Recovery, part 1: An Introduction

Very often, articles written by professionals in the fitness industry are centered around training or nutrition.  Likewise, as a coach, the vast majority of the discussions I have with my clients stem from questions about one of these two areas.  Unfortunately, one area that I think we may all be guilty of not trying to adequately understand is the topic of recovery.

There are a number of reasons why this may be true.  One, in the hyper-competitive environment of the fitness industry, I think there is a wide-spread proclivity to take pride and find identity in how hard we work, how hard we train, how much we are willing to suffer, etc.  I’m not saying that we shouldn’t be self-disciplined and proud of our work efforts, but this can be taken to an unhealthy level.  When you’re consistently taking on more work, (training harder, etc.) just for the sake of doing more work (or for impressing your friends and social media followers), maybe you should re-evaluate your priorities.  Certainly, sacrifice and suffering are part of any hard-sought goal, but let’s try to keep the goal in mind, ok?

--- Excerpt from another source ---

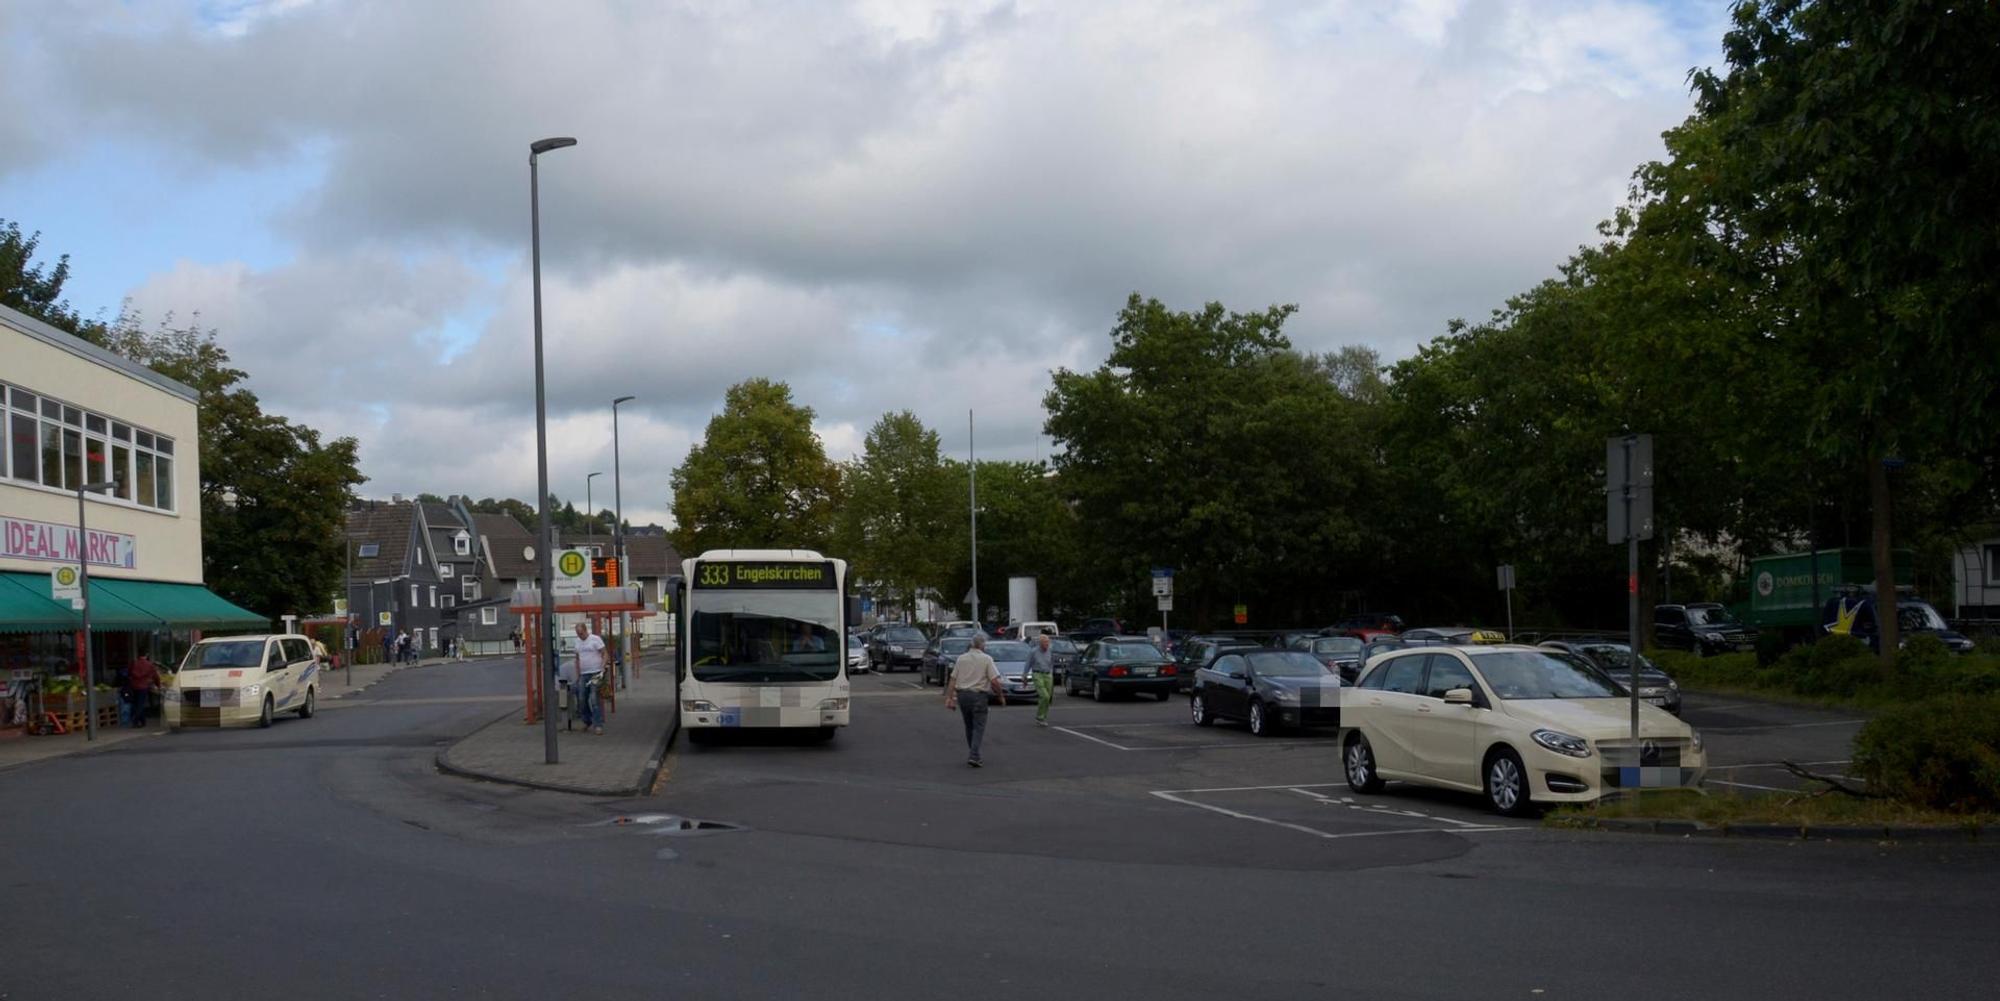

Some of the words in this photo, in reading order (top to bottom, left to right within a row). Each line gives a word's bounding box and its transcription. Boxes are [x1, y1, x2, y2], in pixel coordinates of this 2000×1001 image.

Two (and this is not unrelated to reason One), I think there is a reluctance to admit that we ALL have limitations.  Whether those limitations are physical, mental, or emotional, there is a propensity to equate the need for recovery with some kind of weakness.  I know that I am guilty of both of these tendencies, and I know more than a few people who would probably have to admit the same.

Now, let me be clear. I am not excusing a lack of dedication or a lack of effort.  I am writing this series of articles from the position that I assume that you are dedicated to your goals and that you are pursuing them with your best efforts.  I realize that this is a big assumption, but if it IS actually true for you, the purpose of this series is to challenge you to be more mindful about the need for adequate recovery.  

Simply put, adequate recovery is necessary in order to achieve our fitness goals, regardless of the goal, whether those goals are gaining muscle or losing fat.  Muscles don’t grow while training.  True, muscles will grow as an adaptive response to training, but only if the muscles have an opportunity to repair from the damage done while training.  

If fat loss is the goal, the body also needs to be given a chance at recovery.  Cortisol, a hormone that is part of the body’s response to stress, is the enemy of fat loss.  If our fat loss strategy is to just do more and more work (or eating less and less food), without being mindful of recovery, the body natural response will be to resist those additional efforts.

That being said, the next several articles will be focused on one or more of the following aspects of the topic of recovery:

Sleep

Training intensity and volume

Macronutrient intake and timing

Pre-/Intra-/Post-workout nutrition

Stretching and other recovery techniques

Managing stress levels

Knowing your own individual needs for recovery

Signs of poor or inadequate recovery

I hope that you will find this topic to be interesting and the articles in the coming weeks to be useful (and perhaps challenging) as you continue to pursue your goals.